◆ Your goal: What you return should be every record, retyped without a single change.

◆ Provided material:
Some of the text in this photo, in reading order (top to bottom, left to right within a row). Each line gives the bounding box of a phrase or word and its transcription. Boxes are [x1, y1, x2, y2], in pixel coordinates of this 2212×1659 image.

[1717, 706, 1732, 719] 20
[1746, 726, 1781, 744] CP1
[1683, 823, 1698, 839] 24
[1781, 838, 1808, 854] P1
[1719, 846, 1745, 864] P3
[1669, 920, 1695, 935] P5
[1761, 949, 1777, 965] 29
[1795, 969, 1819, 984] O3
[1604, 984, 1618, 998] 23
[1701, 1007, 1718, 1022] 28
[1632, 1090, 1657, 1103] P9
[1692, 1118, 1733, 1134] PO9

◆ Result of this task:
Some of the text in this photo, in reading order (top to bottom, left to right within a row). Each line gives the bounding box of a phrase or word and its transcription. Boxes are [x1, y1, x2, y2], in pixel coordinates of this 2212×1659 image.

[1717, 706, 1732, 719] 20
[1746, 726, 1781, 744] CP1
[1683, 823, 1698, 839] 24
[1781, 838, 1808, 854] P1
[1719, 846, 1745, 864] P3
[1669, 920, 1695, 935] P5
[1761, 949, 1777, 965] 29
[1795, 969, 1819, 984] O3
[1604, 984, 1618, 998] 23
[1701, 1007, 1718, 1022] 28
[1632, 1090, 1657, 1103] P9
[1692, 1118, 1733, 1134] PO9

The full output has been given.